From four-time Super Bowl champs to four-time Super Bowl runner-ups, five of the best in pro football history are ready for Cantonization. Here, with the help of Sports Illustrated's photographers and writers, CNNSI.com takes a look back at this year's Hall of Famers in their athletic primes.
George Allen (Coach)
L.A. Rams, Washington Redskins
116-47-5 regular-season record
Allen was an unusual man, so preoccupied with coaching that he
couldn't find his own house without asking directions, so driven
to succeed that he scarcely found time to sleep or eat. "Your
father thinks chewing is a distraction," the author quotes her
hilariously outspoken French mother. "Your father's afraid
chewing might take his mind off football."
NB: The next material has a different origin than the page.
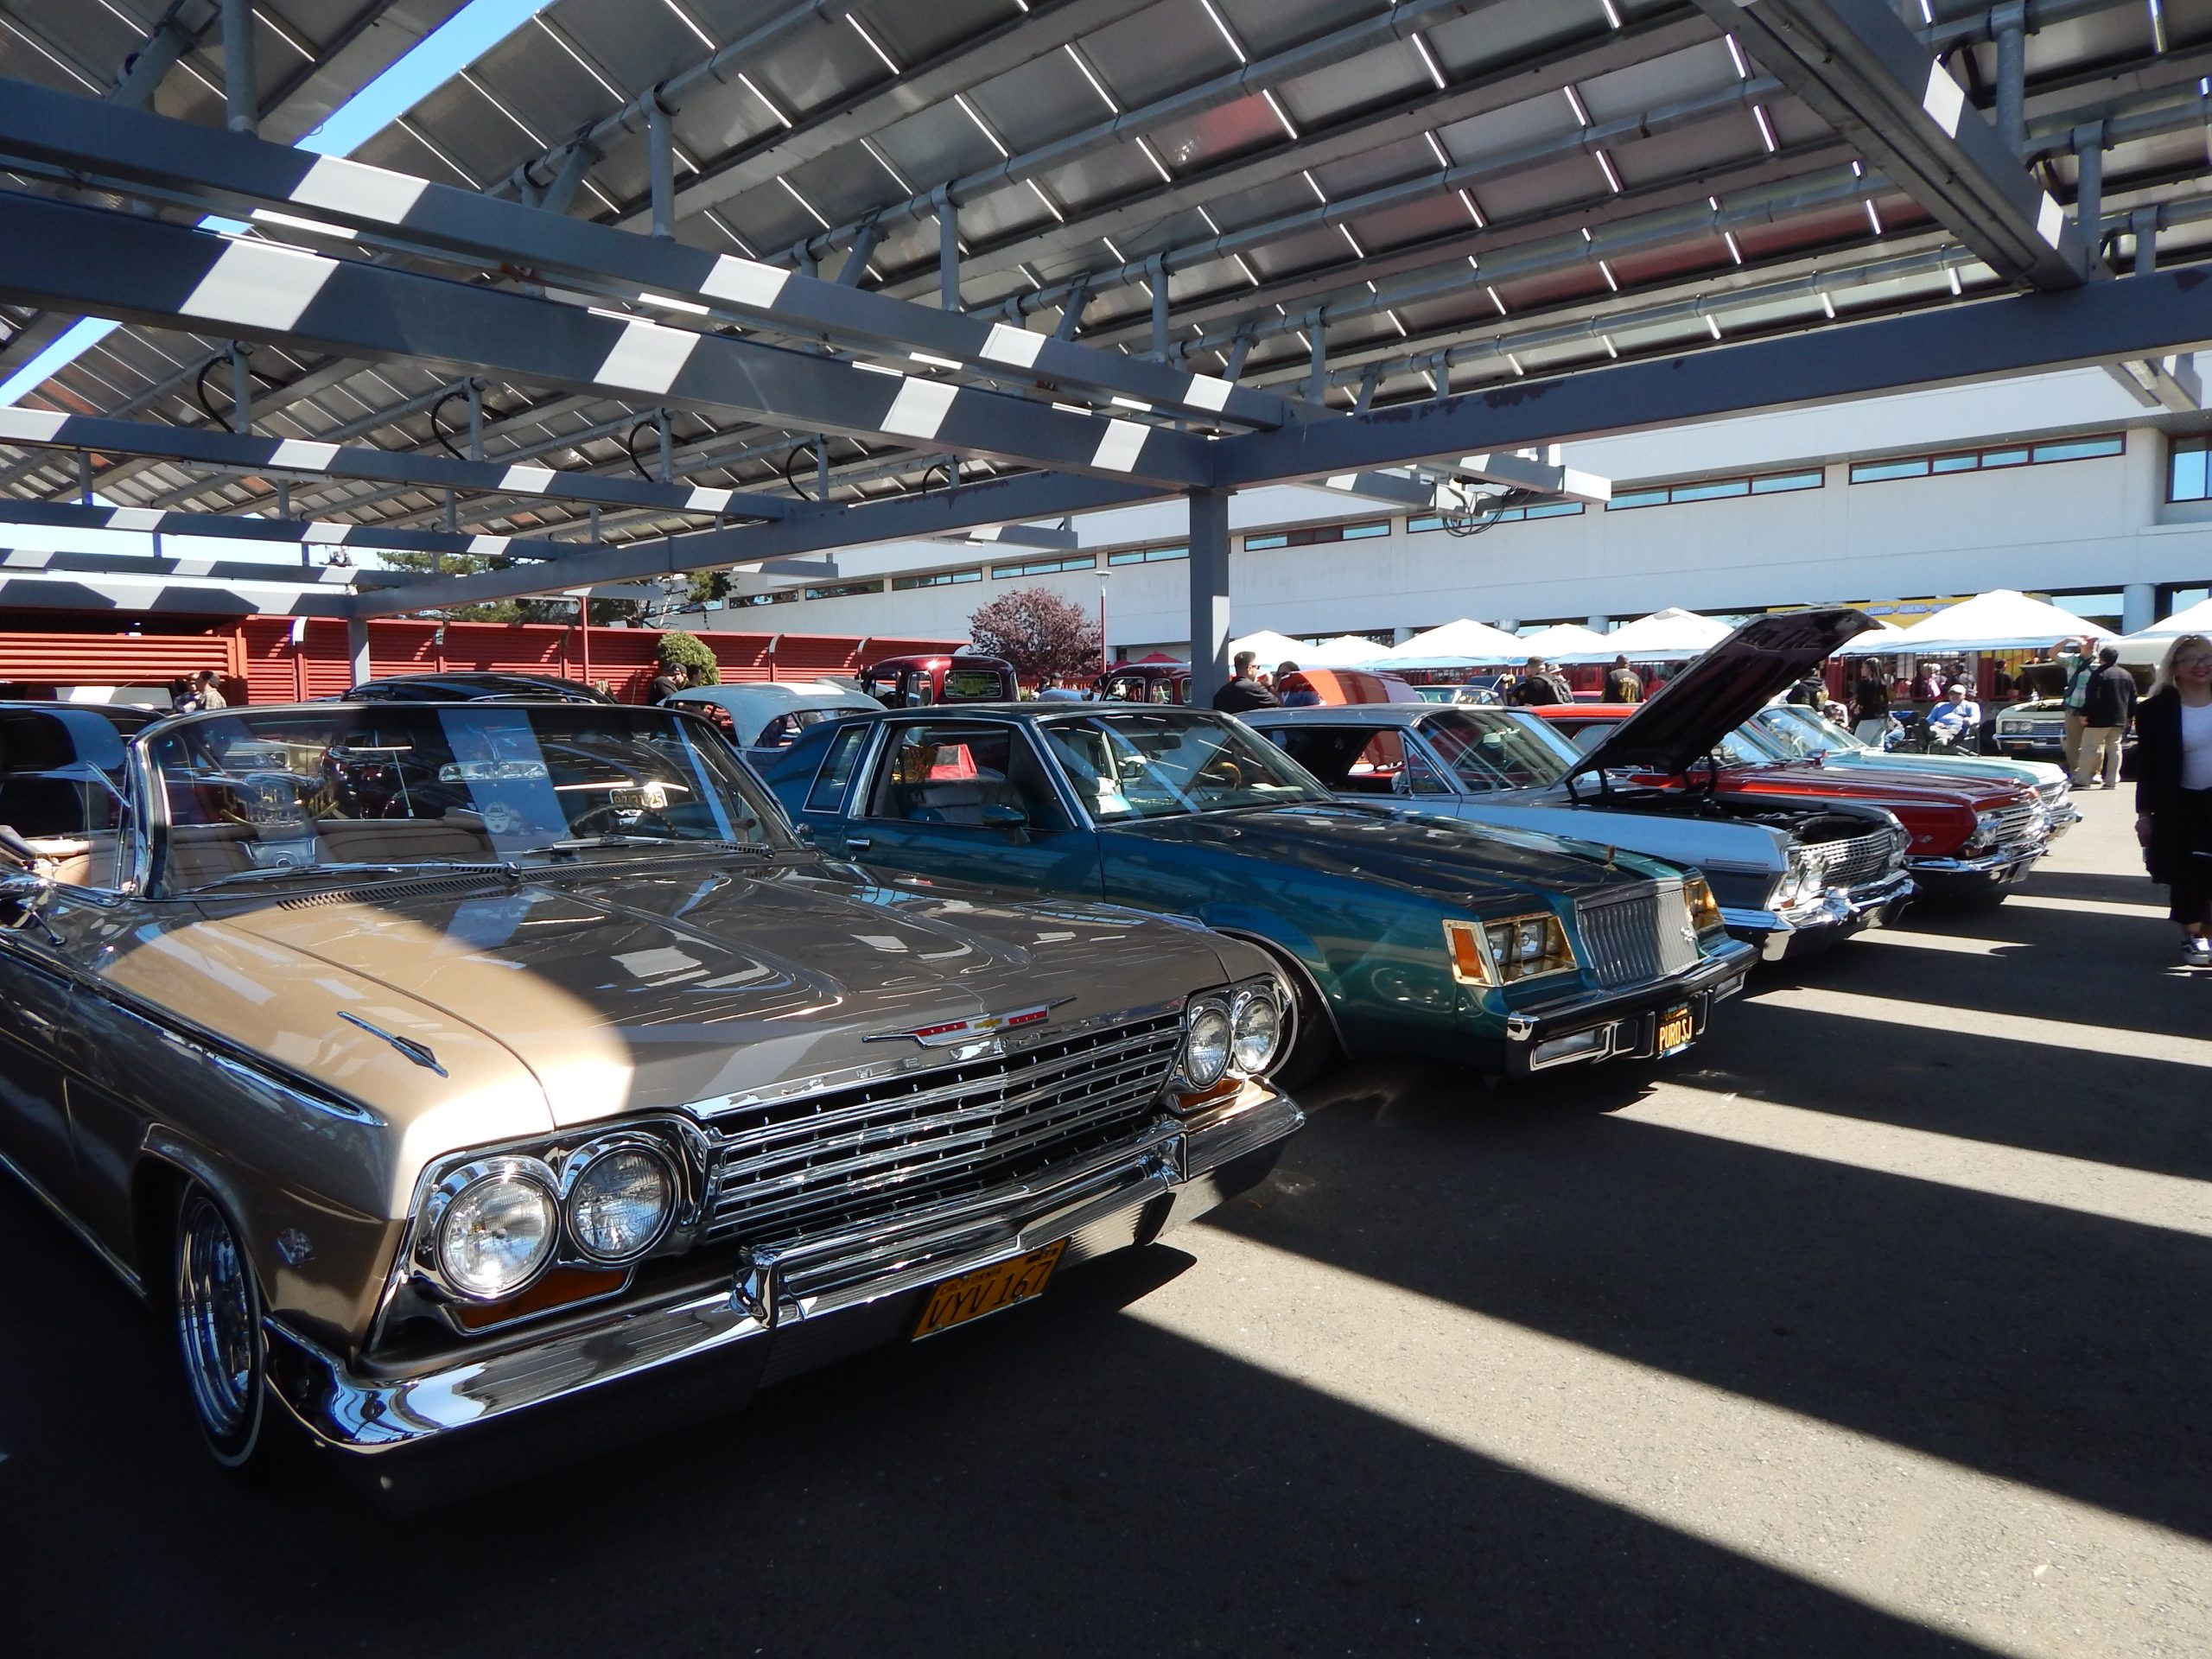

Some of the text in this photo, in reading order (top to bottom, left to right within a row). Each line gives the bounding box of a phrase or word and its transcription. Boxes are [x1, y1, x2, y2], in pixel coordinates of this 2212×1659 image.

Allen was also something of a misplaced person, a milk drinker
among bourbon-sipping NFL pooh-bahs, a Boy Scout among cynics. He
coined platitudes not only for his players but also for
himself -- "Try to think of yourself as a winner" or, poignantly,
after a firing, "What will I do the remaining days of my life?"
Allen scarcely knew his own children. To his daughter he said, in
all sincerity, "So you better drink your milk, Jen, if you want
to grow up big and strong like Mike Ditka."
-- Ron Fimrite, reviewing a biography by Allen's daughter, Sports Illustrated, Oct. 16, 2000
Oak./L.A. Raiders, Houston Oilers, Minnesota Vikings 147 games at TE, 52 receiving TDs
Finally there's Dave Casper, who blocked like the tackle he'd
been at Notre Dame and caught passes deep or short through the
forest of legalized muggings that constituted pass defense in his
era. I consider him the best tight end in the history of the
game. -- Paul Zimmerman, making Casper's case for the Hall, Sports Illustrated, Jan. 24, 2000
"What we had with Buddy [Ryan] -- well, that was unique, but it's over.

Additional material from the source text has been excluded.